## Action item
Return exactly the span of lines that opens with the line containing "this 1280×960 image." and closes with the last line of the data, inclusive.

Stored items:
++++++++++
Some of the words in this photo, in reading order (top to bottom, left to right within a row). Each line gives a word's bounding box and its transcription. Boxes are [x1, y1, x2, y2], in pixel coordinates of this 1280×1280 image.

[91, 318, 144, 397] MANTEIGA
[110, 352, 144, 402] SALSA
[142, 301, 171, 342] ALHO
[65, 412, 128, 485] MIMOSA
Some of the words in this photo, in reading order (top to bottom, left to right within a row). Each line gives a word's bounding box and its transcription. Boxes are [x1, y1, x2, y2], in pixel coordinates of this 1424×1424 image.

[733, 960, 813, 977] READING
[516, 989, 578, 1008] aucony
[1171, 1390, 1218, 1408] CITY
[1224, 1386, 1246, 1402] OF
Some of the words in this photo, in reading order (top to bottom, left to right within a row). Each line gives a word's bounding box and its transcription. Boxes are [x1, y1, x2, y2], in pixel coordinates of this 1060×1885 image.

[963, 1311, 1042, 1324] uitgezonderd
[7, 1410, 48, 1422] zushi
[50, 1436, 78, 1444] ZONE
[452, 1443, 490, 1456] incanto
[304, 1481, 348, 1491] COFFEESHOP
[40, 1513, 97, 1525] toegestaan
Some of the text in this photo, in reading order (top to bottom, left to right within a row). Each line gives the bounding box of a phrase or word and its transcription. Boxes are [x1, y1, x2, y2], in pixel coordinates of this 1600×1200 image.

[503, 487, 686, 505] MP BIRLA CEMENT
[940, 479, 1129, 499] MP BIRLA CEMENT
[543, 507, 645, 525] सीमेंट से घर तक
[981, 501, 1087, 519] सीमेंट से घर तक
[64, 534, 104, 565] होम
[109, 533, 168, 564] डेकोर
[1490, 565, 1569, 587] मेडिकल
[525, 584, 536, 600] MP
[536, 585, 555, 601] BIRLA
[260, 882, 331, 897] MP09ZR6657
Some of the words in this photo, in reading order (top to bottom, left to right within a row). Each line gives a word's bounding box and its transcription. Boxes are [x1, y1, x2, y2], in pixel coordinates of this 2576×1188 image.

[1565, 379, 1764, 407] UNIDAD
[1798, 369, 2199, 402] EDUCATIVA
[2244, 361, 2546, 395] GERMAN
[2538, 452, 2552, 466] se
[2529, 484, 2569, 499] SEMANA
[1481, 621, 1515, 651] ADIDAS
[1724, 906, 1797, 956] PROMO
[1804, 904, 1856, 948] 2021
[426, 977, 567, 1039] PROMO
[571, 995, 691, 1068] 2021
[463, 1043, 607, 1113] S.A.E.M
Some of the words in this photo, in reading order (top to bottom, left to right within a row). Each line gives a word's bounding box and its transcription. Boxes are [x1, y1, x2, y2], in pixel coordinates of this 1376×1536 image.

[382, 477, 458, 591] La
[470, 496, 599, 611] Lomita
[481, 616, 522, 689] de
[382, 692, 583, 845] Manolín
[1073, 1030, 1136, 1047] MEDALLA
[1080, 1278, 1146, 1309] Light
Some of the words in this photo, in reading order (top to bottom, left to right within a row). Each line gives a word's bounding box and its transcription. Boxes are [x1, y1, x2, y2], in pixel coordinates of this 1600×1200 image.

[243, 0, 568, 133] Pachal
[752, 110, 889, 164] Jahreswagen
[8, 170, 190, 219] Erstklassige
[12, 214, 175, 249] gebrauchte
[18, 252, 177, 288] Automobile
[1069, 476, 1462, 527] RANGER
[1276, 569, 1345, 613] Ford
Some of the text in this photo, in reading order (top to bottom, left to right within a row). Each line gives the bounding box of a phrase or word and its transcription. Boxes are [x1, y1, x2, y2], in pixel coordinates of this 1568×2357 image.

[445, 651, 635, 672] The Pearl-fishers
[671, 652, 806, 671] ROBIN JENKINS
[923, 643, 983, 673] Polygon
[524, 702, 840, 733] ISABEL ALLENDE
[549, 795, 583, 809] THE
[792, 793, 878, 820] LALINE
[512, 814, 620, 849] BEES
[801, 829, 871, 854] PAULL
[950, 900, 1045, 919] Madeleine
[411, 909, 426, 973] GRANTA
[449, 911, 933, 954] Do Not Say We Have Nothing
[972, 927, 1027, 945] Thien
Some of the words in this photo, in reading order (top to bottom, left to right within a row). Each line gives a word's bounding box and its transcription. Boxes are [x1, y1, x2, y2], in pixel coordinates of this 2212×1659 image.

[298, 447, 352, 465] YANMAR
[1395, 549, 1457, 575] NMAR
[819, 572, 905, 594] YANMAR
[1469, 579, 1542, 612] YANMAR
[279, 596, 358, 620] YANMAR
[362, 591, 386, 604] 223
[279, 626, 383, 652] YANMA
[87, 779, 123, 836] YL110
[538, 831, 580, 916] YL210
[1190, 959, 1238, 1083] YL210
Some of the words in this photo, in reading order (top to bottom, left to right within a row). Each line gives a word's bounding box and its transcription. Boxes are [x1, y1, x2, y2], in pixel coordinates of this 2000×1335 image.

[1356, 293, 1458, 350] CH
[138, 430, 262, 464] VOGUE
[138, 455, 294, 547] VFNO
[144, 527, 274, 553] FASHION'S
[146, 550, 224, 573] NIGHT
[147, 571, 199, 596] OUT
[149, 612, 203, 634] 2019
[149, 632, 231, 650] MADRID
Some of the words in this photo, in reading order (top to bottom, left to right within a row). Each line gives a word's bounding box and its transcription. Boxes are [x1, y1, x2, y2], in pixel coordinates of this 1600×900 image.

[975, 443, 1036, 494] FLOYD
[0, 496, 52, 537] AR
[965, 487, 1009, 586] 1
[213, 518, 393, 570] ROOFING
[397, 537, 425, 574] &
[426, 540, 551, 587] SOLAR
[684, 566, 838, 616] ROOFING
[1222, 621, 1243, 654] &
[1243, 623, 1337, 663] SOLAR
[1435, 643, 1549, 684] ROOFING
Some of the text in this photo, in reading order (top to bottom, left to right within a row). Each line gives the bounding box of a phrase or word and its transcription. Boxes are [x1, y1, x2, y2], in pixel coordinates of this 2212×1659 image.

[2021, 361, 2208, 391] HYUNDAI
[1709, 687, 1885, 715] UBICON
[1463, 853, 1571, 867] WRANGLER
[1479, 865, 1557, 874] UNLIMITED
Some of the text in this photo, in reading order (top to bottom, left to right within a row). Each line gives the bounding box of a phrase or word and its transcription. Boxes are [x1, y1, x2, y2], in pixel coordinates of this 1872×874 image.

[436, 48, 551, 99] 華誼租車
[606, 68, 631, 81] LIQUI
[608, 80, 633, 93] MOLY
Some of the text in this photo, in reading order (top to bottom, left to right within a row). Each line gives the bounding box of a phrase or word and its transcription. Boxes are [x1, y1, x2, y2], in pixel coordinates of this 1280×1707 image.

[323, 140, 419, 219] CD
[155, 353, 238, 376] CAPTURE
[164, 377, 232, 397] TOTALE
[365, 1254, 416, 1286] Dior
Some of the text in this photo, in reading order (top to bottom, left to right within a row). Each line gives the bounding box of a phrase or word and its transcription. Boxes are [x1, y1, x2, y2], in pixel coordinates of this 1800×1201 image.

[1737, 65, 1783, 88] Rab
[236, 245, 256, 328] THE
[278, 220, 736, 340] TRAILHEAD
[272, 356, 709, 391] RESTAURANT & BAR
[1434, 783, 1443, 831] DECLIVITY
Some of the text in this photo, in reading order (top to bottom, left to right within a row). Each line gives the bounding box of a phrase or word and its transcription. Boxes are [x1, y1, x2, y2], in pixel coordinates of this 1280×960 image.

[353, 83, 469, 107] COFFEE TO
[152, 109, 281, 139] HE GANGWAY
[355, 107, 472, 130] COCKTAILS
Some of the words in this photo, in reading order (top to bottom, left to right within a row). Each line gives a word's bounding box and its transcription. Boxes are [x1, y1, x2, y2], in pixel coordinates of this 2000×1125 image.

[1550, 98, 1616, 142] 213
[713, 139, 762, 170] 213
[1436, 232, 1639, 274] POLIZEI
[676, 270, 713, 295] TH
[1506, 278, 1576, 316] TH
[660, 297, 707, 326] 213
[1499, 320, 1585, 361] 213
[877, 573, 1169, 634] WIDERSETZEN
++++++++++
## Result
Some of the text in this photo, in reading order (top to bottom, left to right within a row). Each line gives the bounding box of a phrase or word and its transcription. Boxes are [x1, y1, x2, y2], in pixel coordinates of this 1280×960 image.

[353, 83, 469, 107] COFFEE TO
[152, 109, 281, 139] HE GANGWAY
[355, 107, 472, 130] COCKTAILS
Some of the words in this photo, in reading order (top to bottom, left to right within a row). Each line gives a word's bounding box and its transcription. Boxes are [x1, y1, x2, y2], in pixel coordinates of this 2000×1125 image.

[1550, 98, 1616, 142] 213
[713, 139, 762, 170] 213
[1436, 232, 1639, 274] POLIZEI
[676, 270, 713, 295] TH
[1506, 278, 1576, 316] TH
[660, 297, 707, 326] 213
[1499, 320, 1585, 361] 213
[877, 573, 1169, 634] WIDERSETZEN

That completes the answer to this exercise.